2.2 Deviating general terms and conditions of the customer are not recognized unless the seller expressly agrees to their validity in writing. In addition, special conditions may apply to individual business relationships that contain deviations from or additions to these General Terms and Conditions. In this case, any special conditions will be agreed separately with the customer in writing, which will then take precedence.
2.3 A consumer within the context of these General Terms and Conditions is any natural person who enters into a legal transaction for purposes that are predominantly neither commercial nor self-employed. An entrepreneur within the context of these terms and conditions is a natural or legal person or a partnership with legal capacity who, when concluding a legal transaction, acts in the exercise of their commercial or independent professional activity.
2.4 Contracts concluded via the online platform are concluded with apromo® Lifestyles, Kirchplatz 22, 85051 Ingolstadt, GERMANY, represented by the director James D. Beckett, as the seller.
The seller operates an online platform specializing in the sale of domain names. Customers can purchase domain names or online projects that also include domain names (marked as "special offers") via the online platform. The purchase contract for a domain or several domains (hereinafter referred to as "purchase contract") is exclusively agreed between the customer and the seller. The involvement of the seller after the conclusion of the purchase contract for a domain is limited to providing the required AUTH code or Hetzner token via email and in the customer's password-protected user account for the transfer of the purchased domain(s) to his own webhosting provider.
Before the customer enters into a binding agreement on the purchase of a domain, the customer acknowledges and undertakes to assume all obligations regarding the purchase and registration of a domain, in particular the registration fees incurred annually at an accredited registrar in order to ensure the registration and use to maintain the domain. The customer shall ensure that he has all the information required regarding the purchase of the domain in order to be able to make an informed purchase decision.

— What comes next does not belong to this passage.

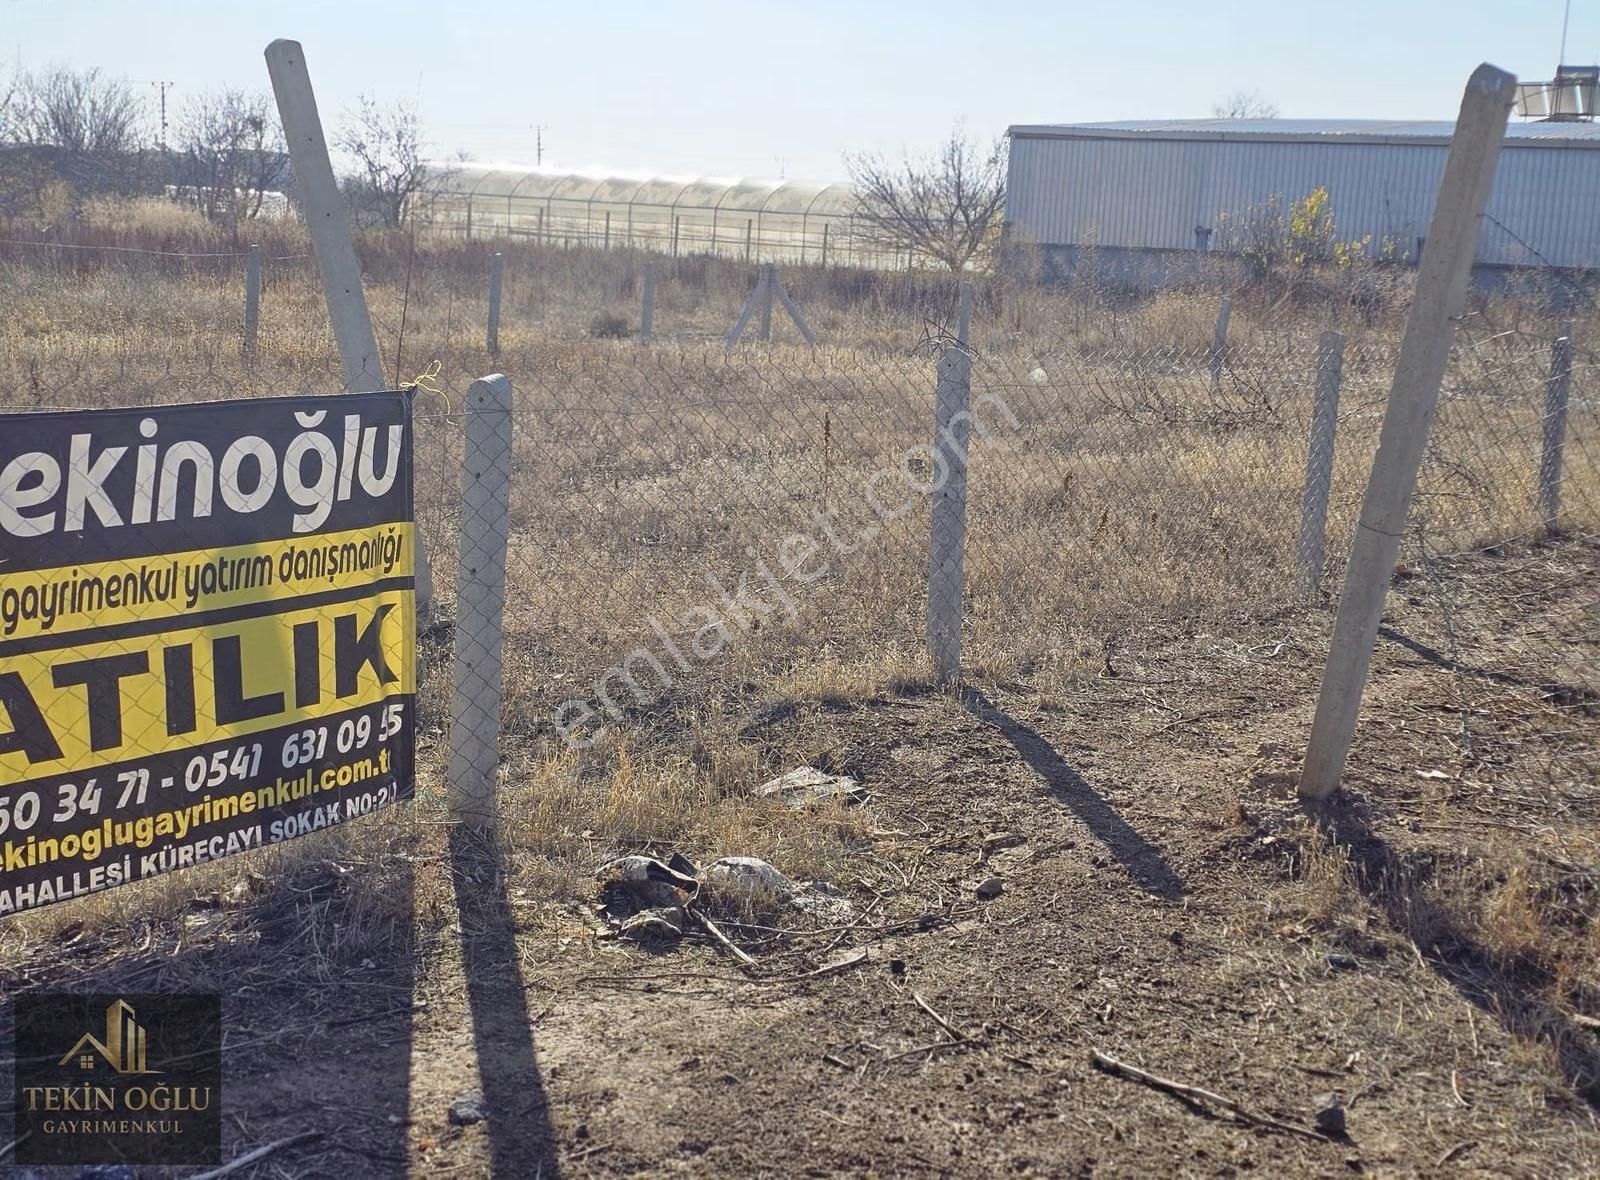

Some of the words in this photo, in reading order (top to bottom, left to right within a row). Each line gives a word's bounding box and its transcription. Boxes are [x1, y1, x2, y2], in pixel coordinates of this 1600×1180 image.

As provided in this agreement and applicable published policies, the seller provides its registered customers with a domain buying platform where customers can search for and buy domains. Customers who want to buy domains can enter search terms on the online platform to query for relevant domain offers and then accept the specified fixed price in a "buy now" environment of the respective domain.
Some top-level domains ("TLDs") have special registration policies, restrictions, pricing, and additional fees associated with them. Customers are responsible for making all necessary research to familiarize themselves with the associated registrar's rules and fees for the domains under consideration before entering into any contract to purchase a domain. By electronically accepting these terms, the customer agrees that the seller shall in no way be held responsible or liable for any registration policies or fees associated with any domain after purchase and that the customer's lack of knowledge in this area constitutes no grounds for declaring a contract of sale invalid.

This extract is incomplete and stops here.